Следует добавить, что когда «человекоразмерный мир» считался единственным реально существующим, то вполне очевидно исходя из какого основания и на трансформацию чего была направлена «сфера абстрактного». Теперь же об этом судить сложнее, поскольку существует множество различных миров и, как утверждают последователи постмодерна, «центра» нет. Поэтому и возникают сложности с онтологической определенностью мира и, соответственно, на взгляд автора, с функционированием сферы абстрактного в нем. С функционированием при прежней интерпретации. Именно поэтому анализ философских дискурсов постмодерна может позволить нам уточнить концепт «абстрактность» в ином смысле.

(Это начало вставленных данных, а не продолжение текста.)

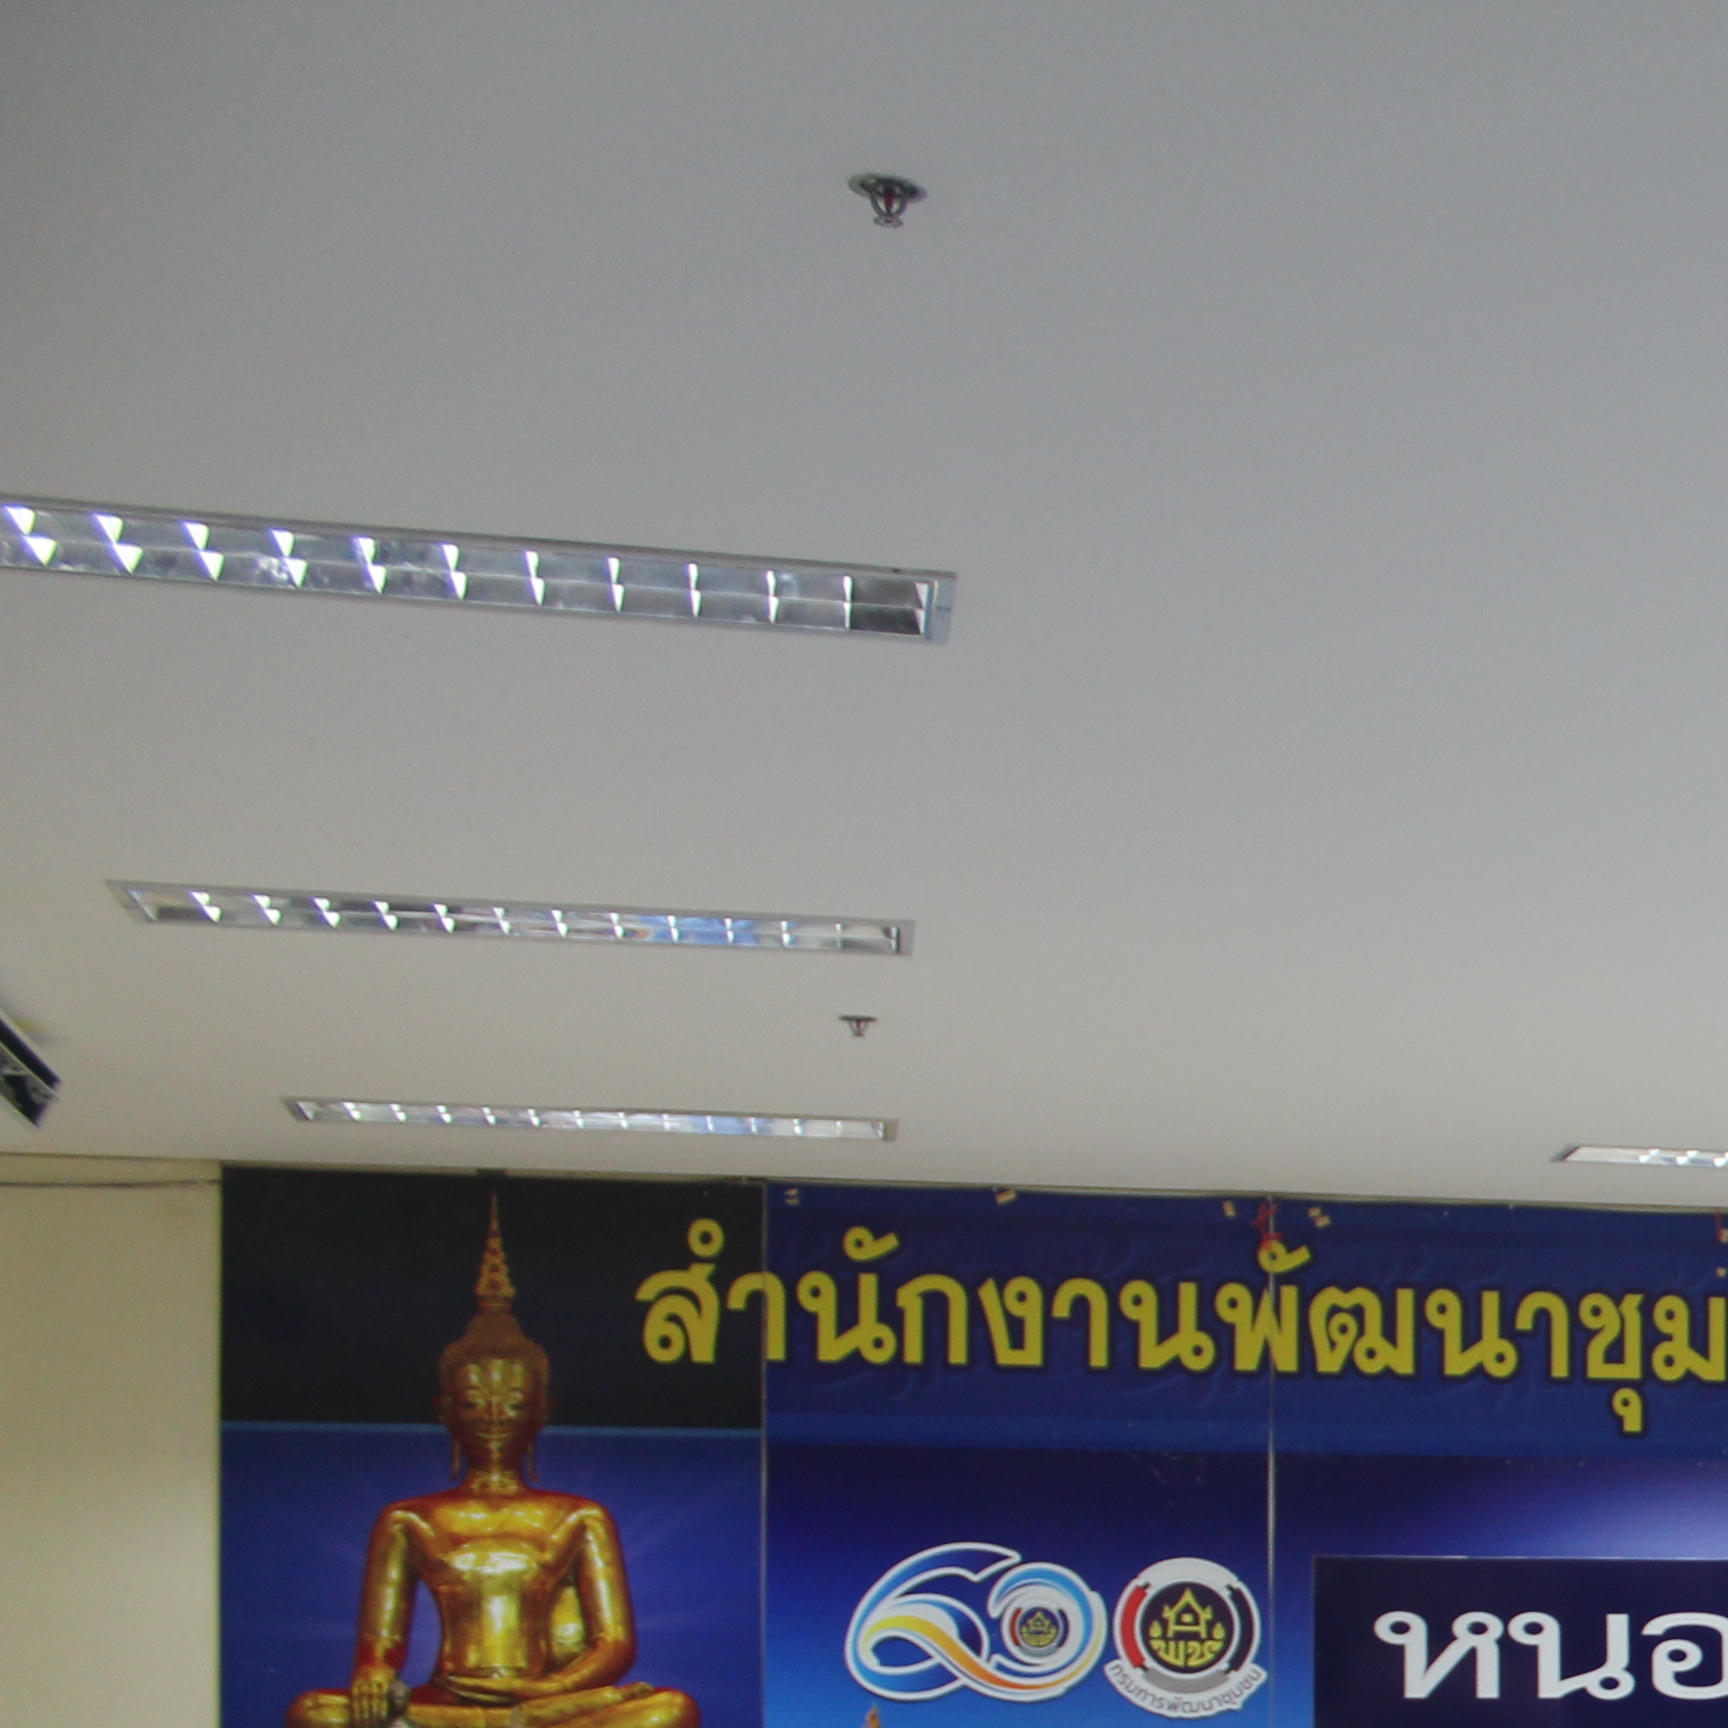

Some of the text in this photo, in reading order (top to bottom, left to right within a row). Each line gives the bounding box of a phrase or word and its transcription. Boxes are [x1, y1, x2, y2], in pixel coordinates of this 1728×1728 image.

[1109, 1663, 1262, 1714] กรมการพัฒนาชุมชน

Один из наиболее ярких представителей постмодерна Ж. Деррида ситуацию, связанную с невозможностью определения действительности как центрального ядра сущего, характеризует трансформацией концепта «письмо», который реализуется в современной философии и культуре. Основная его идея – «письмо до языка». Подобный концепт предполагает понимание основного предмета исследования – письма – в наибольшей абстрактной выраженности, в традиционном плане. То есть письмо, суть знаковой представленности мира, проявляется в качестве глобальной тотальности, что обозначает его более широкую сущность, нежели понятие (концепт) языка. Таким образом, Ж. Деррида отказывается от характерного для классической философии метафизического понимания мира, где «язык» и его «путеводитель» «голос» определяли большую значимость одной действительности, мира, над остальными. Понимание, как пишет Ж. Деррида, «что язык (то, что называют языком) и в начале и в конце своем был лишь моментом, способом (существенным, неограниченным), явлением, аспектом, разновидностью письма» [1; c. 121], лишил «доминирующие миры» подобного статуса. Иная интерпретация прежних философских представлений как вообще, так и абстрактного в частности, связана с разрастанием, увеличением слоя посредников, а также с умножением сфер деятельности, порождаемых затрудненной коммуникацией в обществе. Огромное количество промежуточных звеньев между людьми – это современные реалии общения, взаимодействия. Именно поэтому и возникает осознание, что «очевидное» и «достоверное» невозможно. Отсюда вполне логичным видится вывод, что мир представляет собой бесконечную текстовую тотальность, чьим способом существования выступает игра. «Письмо» как раз и характеризует текстуальность мира, трансформируясь из «знака вещи» в «знак знака». Отсюда и его глобальность и первичность. Отсюда и абсолютизация абстрактности видения мира, то есть доведение последнего до такого его определения, где он является референтом мира и, одновременно, где его нет. Как прокомментировала критик Ж. Деррида Н.С. Автономова название его работы «О грамматологии»: «Грамматология – наука о письме, о предмете, которого нет: есть конкретные знания о разных видах письменности, но нет знаний о письме в абстрактном и философском смысле» [2; c. 7]. Так вот, Ж. Деррида вышеупомянутым образом обозначает абстрактный и философский смысл предмета, позволяя нам анализировать концепт «абстрактного» в нетрадиционной интерпретации.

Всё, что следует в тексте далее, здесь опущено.